--- Spatial localization data ---
.....

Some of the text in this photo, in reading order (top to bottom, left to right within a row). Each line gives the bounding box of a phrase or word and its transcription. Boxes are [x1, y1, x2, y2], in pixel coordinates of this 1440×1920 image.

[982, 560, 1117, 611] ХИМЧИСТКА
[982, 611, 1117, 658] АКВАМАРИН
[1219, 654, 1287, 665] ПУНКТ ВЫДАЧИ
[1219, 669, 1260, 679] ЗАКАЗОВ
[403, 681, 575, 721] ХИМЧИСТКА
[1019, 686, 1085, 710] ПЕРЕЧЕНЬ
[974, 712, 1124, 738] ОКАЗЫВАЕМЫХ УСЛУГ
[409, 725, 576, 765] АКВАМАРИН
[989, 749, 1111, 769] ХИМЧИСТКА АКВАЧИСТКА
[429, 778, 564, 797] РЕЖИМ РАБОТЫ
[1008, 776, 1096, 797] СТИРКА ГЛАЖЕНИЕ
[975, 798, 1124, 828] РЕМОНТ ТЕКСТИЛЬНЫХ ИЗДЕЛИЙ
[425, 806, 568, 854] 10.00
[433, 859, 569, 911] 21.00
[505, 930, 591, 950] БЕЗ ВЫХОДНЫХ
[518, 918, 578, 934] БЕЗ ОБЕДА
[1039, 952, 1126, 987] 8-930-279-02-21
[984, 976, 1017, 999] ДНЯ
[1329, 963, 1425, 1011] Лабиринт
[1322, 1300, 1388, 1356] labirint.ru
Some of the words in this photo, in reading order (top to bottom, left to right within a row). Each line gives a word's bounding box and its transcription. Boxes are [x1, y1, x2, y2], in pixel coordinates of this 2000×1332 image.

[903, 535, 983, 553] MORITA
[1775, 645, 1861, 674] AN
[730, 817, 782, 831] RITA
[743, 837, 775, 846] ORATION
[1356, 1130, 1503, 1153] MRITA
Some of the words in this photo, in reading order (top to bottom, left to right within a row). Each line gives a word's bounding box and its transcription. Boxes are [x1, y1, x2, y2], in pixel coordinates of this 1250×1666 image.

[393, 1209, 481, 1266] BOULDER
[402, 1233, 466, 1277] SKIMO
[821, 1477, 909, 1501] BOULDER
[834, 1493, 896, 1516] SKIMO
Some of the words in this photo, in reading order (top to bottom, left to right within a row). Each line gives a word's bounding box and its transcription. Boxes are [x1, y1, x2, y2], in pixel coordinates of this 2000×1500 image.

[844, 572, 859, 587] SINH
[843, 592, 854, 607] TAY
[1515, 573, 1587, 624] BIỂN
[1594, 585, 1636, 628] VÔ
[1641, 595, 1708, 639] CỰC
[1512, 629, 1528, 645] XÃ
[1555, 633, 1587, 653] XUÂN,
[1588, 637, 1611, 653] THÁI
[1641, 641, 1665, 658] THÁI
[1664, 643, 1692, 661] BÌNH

.....

--- What this task involves ---
The full set of entries must be restated exactly, with none omitted.

--- Solved exercise ---
Some of the text in this photo, in reading order (top to bottom, left to right within a row). Each line gives the bounding box of a phrase or word and its transcription. Boxes are [x1, y1, x2, y2], in pixel coordinates of this 1440×1920 image.

[982, 560, 1117, 611] ХИМЧИСТКА
[982, 611, 1117, 658] АКВАМАРИН
[1219, 654, 1287, 665] ПУНКТ ВЫДАЧИ
[1219, 669, 1260, 679] ЗАКАЗОВ
[403, 681, 575, 721] ХИМЧИСТКА
[1019, 686, 1085, 710] ПЕРЕЧЕНЬ
[974, 712, 1124, 738] ОКАЗЫВАЕМЫХ УСЛУГ
[409, 725, 576, 765] АКВАМАРИН
[989, 749, 1111, 769] ХИМЧИСТКА АКВАЧИСТКА
[429, 778, 564, 797] РЕЖИМ РАБОТЫ
[1008, 776, 1096, 797] СТИРКА ГЛАЖЕНИЕ
[975, 798, 1124, 828] РЕМОНТ ТЕКСТИЛЬНЫХ ИЗДЕЛИЙ
[425, 806, 568, 854] 10.00
[433, 859, 569, 911] 21.00
[505, 930, 591, 950] БЕЗ ВЫХОДНЫХ
[518, 918, 578, 934] БЕЗ ОБЕДА
[1039, 952, 1126, 987] 8-930-279-02-21
[984, 976, 1017, 999] ДНЯ
[1329, 963, 1425, 1011] Лабиринт
[1322, 1300, 1388, 1356] labirint.ru
Some of the words in this photo, in reading order (top to bottom, left to right within a row). Each line gives a word's bounding box and its transcription. Boxes are [x1, y1, x2, y2], in pixel coordinates of this 2000×1332 image.

[903, 535, 983, 553] MORITA
[1775, 645, 1861, 674] AN
[730, 817, 782, 831] RITA
[743, 837, 775, 846] ORATION
[1356, 1130, 1503, 1153] MRITA
Some of the words in this photo, in reading order (top to bottom, left to right within a row). Each line gives a word's bounding box and its transcription. Boxes are [x1, y1, x2, y2], in pixel coordinates of this 1250×1666 image.

[393, 1209, 481, 1266] BOULDER
[402, 1233, 466, 1277] SKIMO
[821, 1477, 909, 1501] BOULDER
[834, 1493, 896, 1516] SKIMO
Some of the words in this photo, in reading order (top to bottom, left to right within a row). Each line gives a word's bounding box and its transcription. Boxes are [x1, y1, x2, y2], in pixel coordinates of this 2000×1500 image.

[844, 572, 859, 587] SINH
[843, 592, 854, 607] TAY
[1515, 573, 1587, 624] BIỂN
[1594, 585, 1636, 628] VÔ
[1641, 595, 1708, 639] CỰC
[1512, 629, 1528, 645] XÃ
[1555, 633, 1587, 653] XUÂN,
[1588, 637, 1611, 653] THÁI
[1641, 641, 1665, 658] THÁI
[1664, 643, 1692, 661] BÌNH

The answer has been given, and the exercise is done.